--- Data supplied Enclosed Below ---

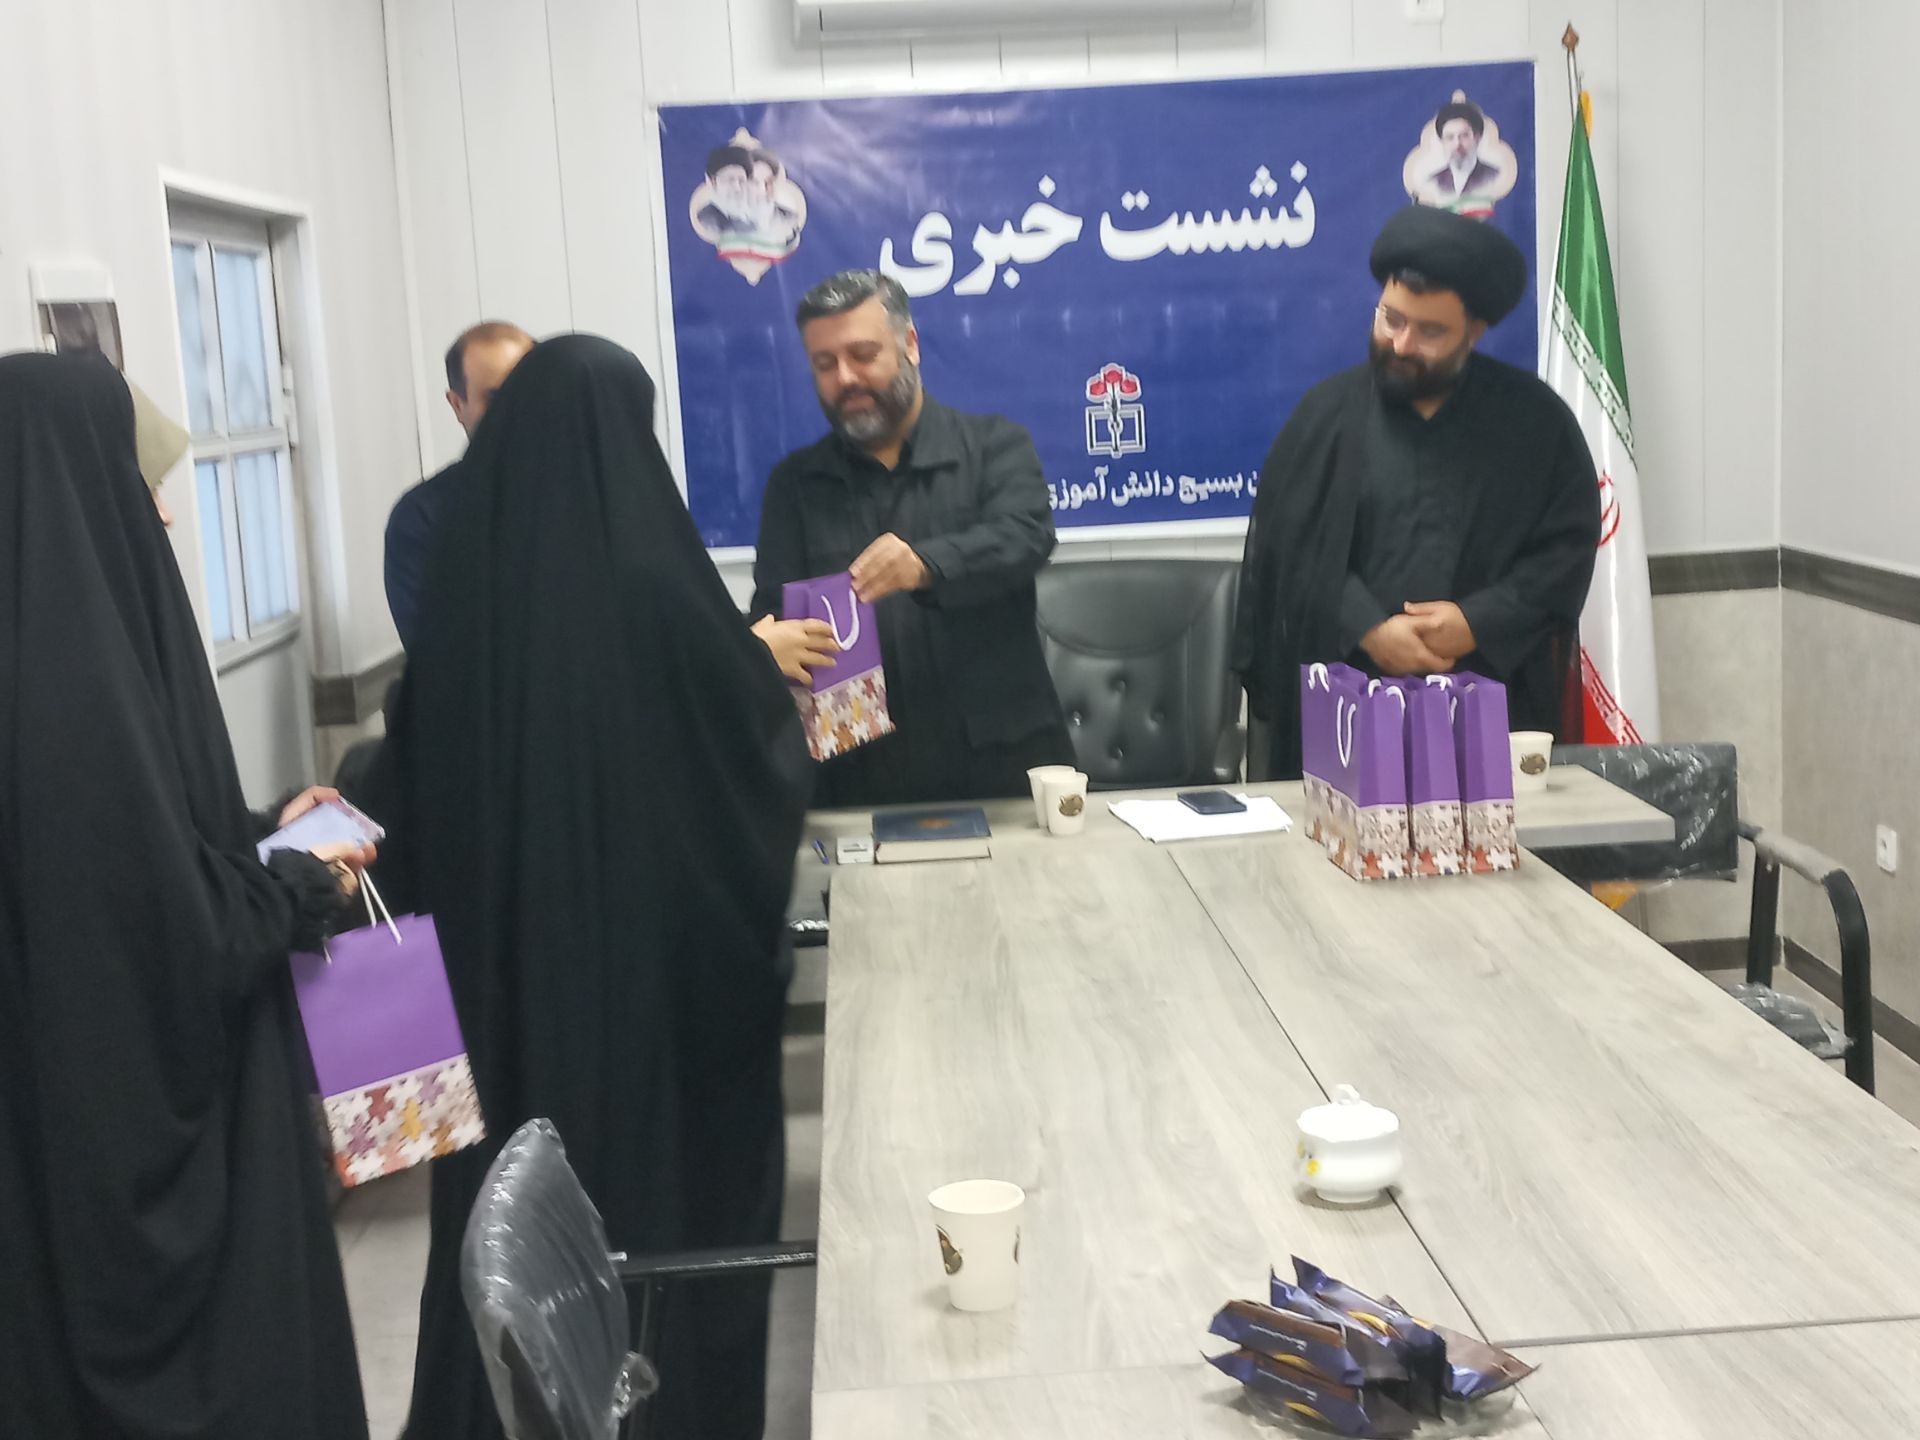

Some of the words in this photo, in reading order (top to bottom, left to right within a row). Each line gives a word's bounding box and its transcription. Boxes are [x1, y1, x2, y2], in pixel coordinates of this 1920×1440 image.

[879, 174, 1084, 298] خبری
[1099, 159, 1316, 262] نشست
[1111, 469, 1175, 507] دانش
[1178, 471, 1243, 504] بسیج
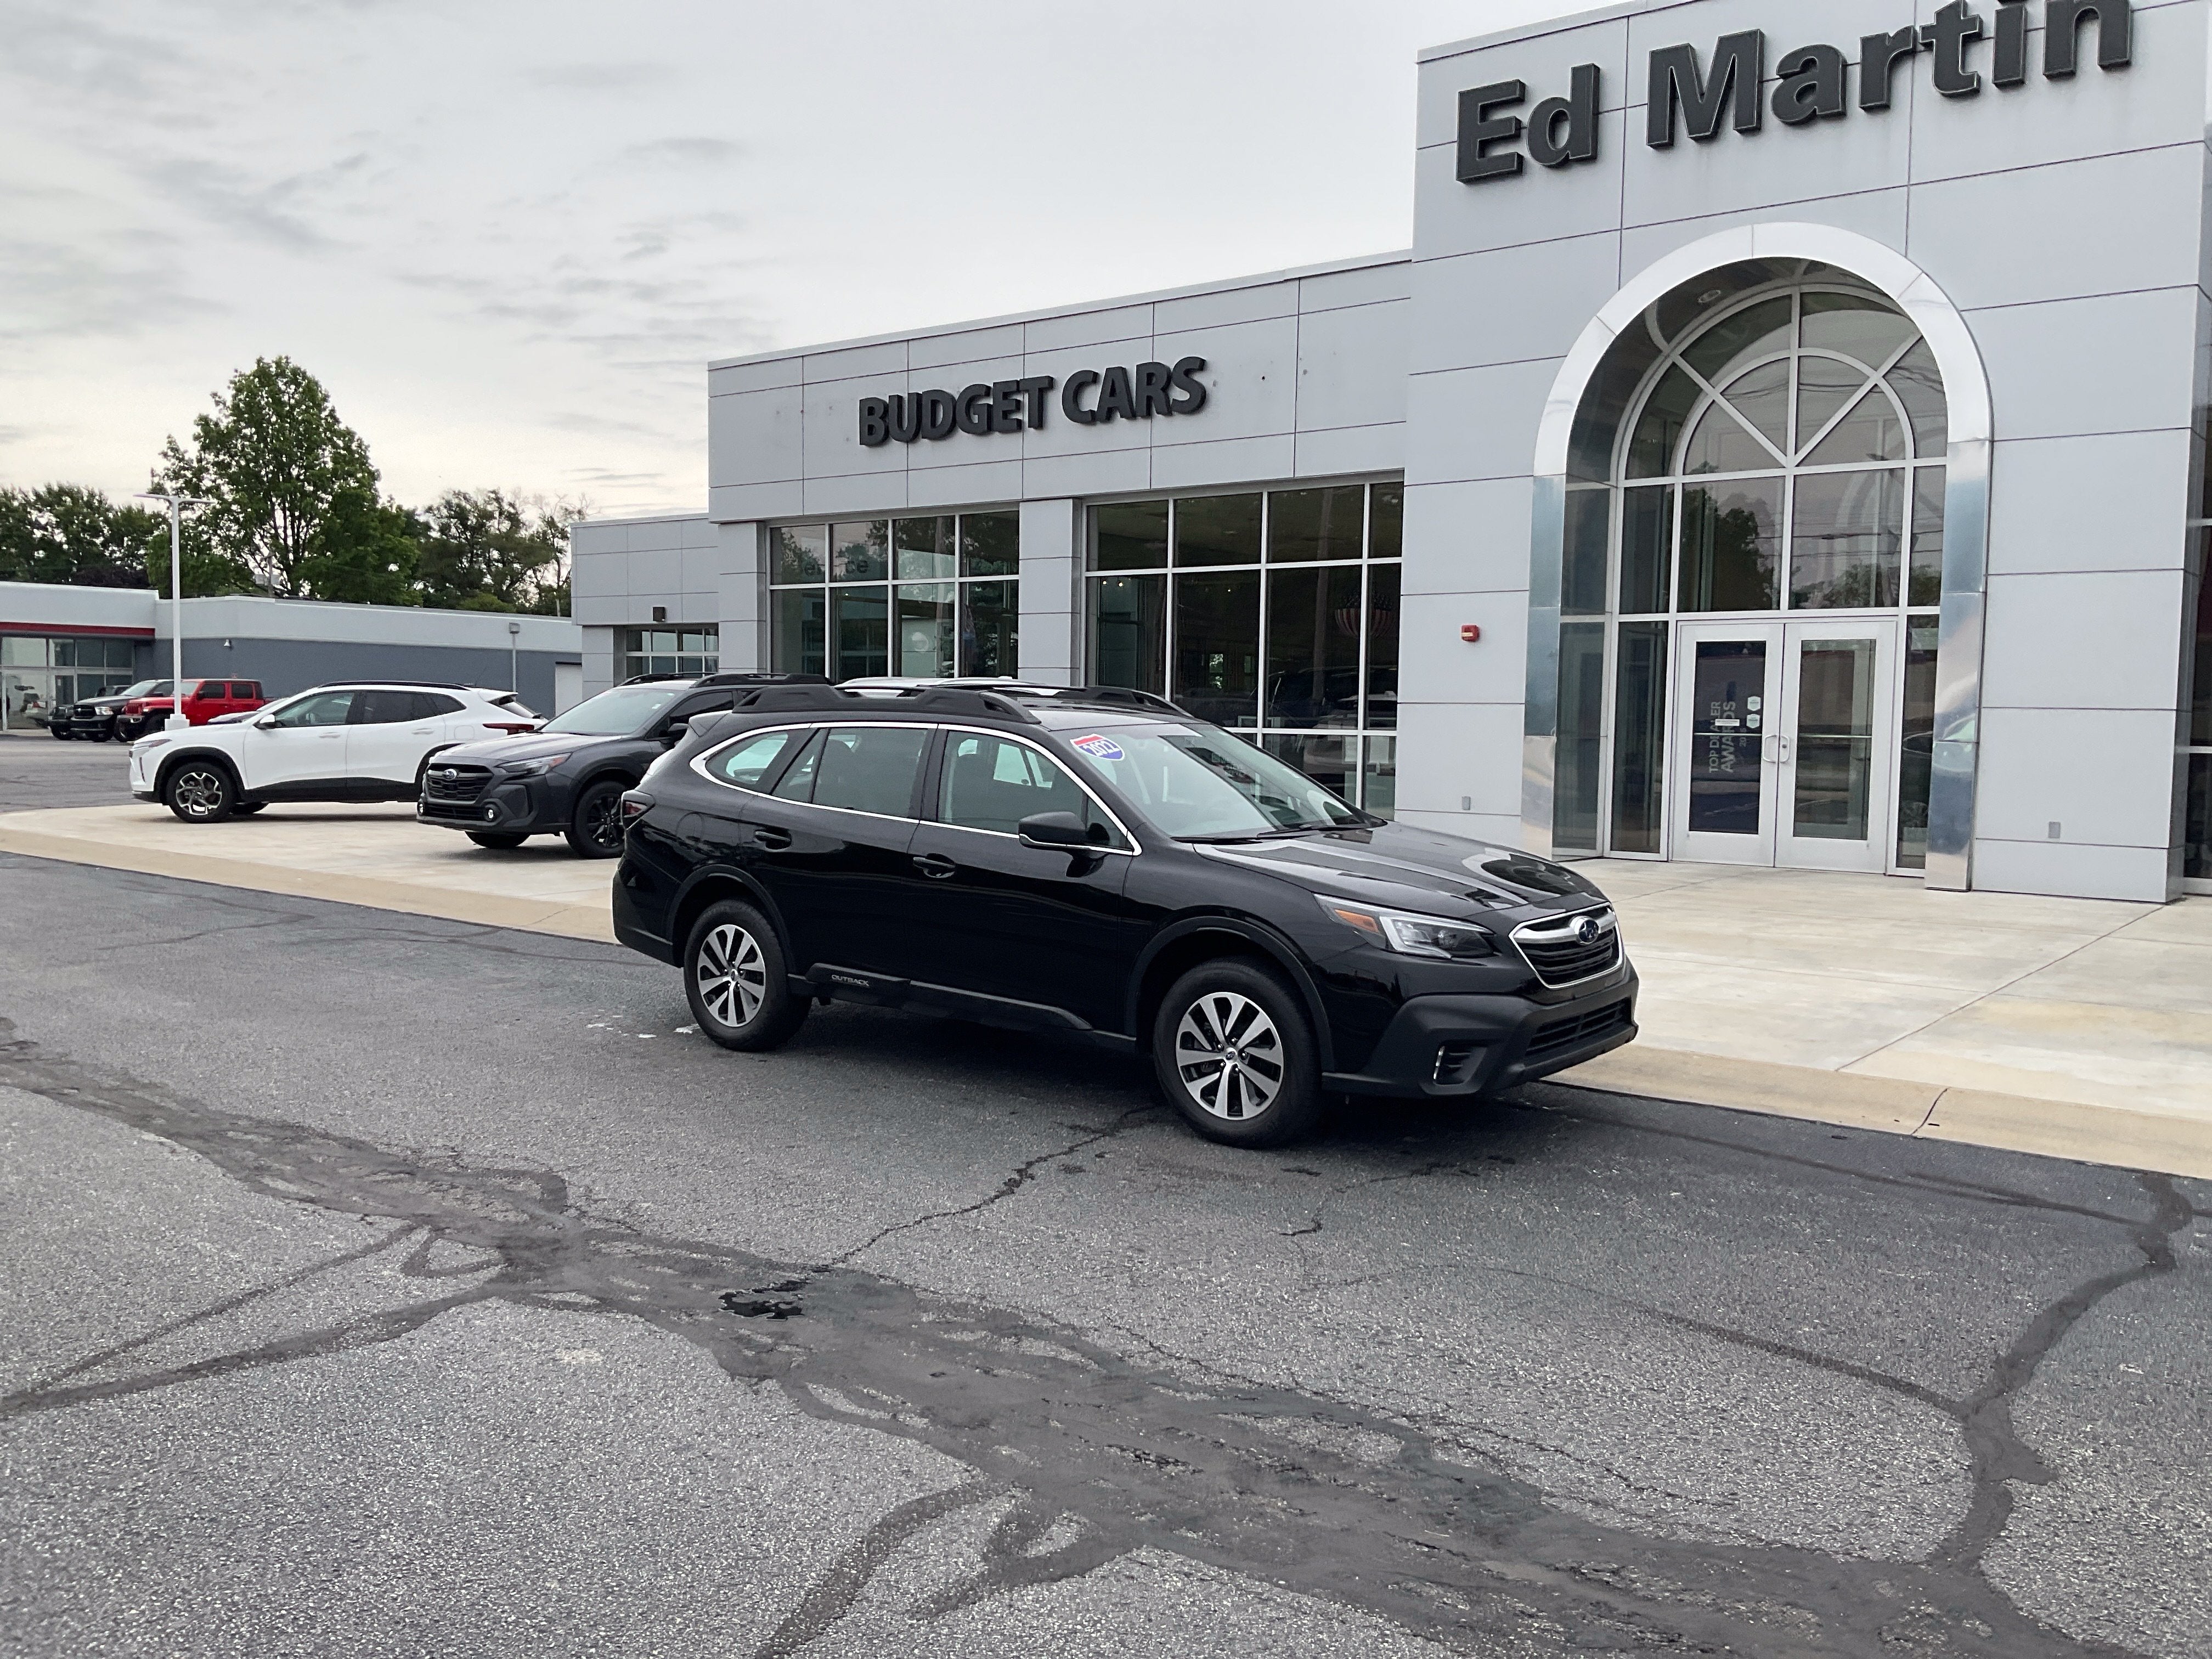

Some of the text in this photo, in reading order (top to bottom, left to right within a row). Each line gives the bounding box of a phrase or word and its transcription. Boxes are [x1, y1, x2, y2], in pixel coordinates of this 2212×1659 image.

[1455, 0, 2131, 184] Ed Martin
[859, 356, 1206, 447] BUDGET CARS
[1083, 741, 1120, 756] 2022
[1709, 750, 1719, 773] TOP
[832, 974, 869, 986] OUTBACK

--- End of Enclosed Data supplied ---

# Exercise details:
Everything in the entries must come back exactly, except the pictures.

# Solution to the exercise:
Some of the words in this photo, in reading order (top to bottom, left to right within a row). Each line gives a word's bounding box and its transcription. Boxes are [x1, y1, x2, y2], in pixel coordinates of this 1920×1440 image.

[879, 174, 1084, 298] خبری
[1099, 159, 1316, 262] نشست
[1111, 469, 1175, 507] دانش
[1178, 471, 1243, 504] بسیج

Some of the text in this photo, in reading order (top to bottom, left to right within a row). Each line gives the bounding box of a phrase or word and its transcription. Boxes are [x1, y1, x2, y2], in pixel coordinates of this 2212×1659 image.

[1455, 0, 2131, 184] Ed Martin
[859, 356, 1206, 447] BUDGET CARS
[1083, 741, 1120, 756] 2022
[1709, 750, 1719, 773] TOP
[832, 974, 869, 986] OUTBACK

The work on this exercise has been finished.